While the primary comparative reviews did not report cost data[6,9], insights from noncomparative studies highlighted key economic considerations. McGuirk et al[13] and Machairas et al[7] noted that robotic procedures incurred higher upfront costs due to equipment and maintenance fees, with median operating times exceeding 399 min contributing to prolonged operating room utilization. Ho et al[12] further contextualized these findings, observing that longer robotic procedure durations (200–507 min) offset potential savings from reduced hospital stays (5.5–11.7 days). None of the included reviews provided direct cost comparisons between RLR, LLR, and OLR, underscoring a critical evidence gap.
The methodological quality assessment using AMSTAR-2 revealed high confidence in the comparative reviews (Table 6)[6,9], but low confidence in the noncomparative studies due to small sample sizes and lack of control groups[7,12,13]. Heterogeneity was notably high (I2 > 50%) for outcomes such as operating time and blood loss, warranting cautious interpretation of pooled estimates.
| Ref. | Confidence rating | Key strengths | Key limitations |
| Safiejko et al[6] | Moderate | Direct RLR vs LLR comparison | Retrospective dominance, no RCTs |
| Machairas et al[7] | Low | Focus on SRAR | Small cohort, no comparator group |
| Mkabaah et al[9] | High | Large sample, subgroup analyses | Heterogeneity in study designs |
| Ho et al[12] | Low | Early RLR adoption data | Outdated, mixed malignancies included |
| McGuirk et al[13] | Low | Detailed technical insights | Small sample, case series bias |
This review synthesized evidence from five systematic reviews to evaluate the safety, feasibility, and outcomes of RLR for CRLM. The findings suggest that RLR offers distinct advantages over LLR and OLR, particularly in technical performance, while maintaining comparable perioperative and oncological outcomes.
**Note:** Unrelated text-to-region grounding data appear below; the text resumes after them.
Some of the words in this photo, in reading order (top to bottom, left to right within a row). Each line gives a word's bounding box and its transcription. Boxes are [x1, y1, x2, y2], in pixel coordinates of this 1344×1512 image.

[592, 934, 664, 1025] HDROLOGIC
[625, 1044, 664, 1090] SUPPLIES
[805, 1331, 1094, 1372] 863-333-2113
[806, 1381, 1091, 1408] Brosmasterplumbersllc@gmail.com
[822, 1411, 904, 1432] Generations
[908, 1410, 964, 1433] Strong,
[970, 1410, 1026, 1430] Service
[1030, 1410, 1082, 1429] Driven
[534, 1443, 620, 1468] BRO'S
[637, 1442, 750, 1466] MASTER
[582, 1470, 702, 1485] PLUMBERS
The lower conversion rates observed with RLR (4.7%–6.7%) compared to LLR (10.4%–12.4%) align with the conclusions of Safiejko et al[6] and Mkabaah et al[9], reinforcing the stability of the robotic approach in complex procedures[17-19]. Noncomparative studies, such as those by McGuirk et al[13] and Machairas et al[7], further support feasibility of RLR in technically demanding cases, including simultaneous resections, although these lack the statistical power of comparative analyses[6,9].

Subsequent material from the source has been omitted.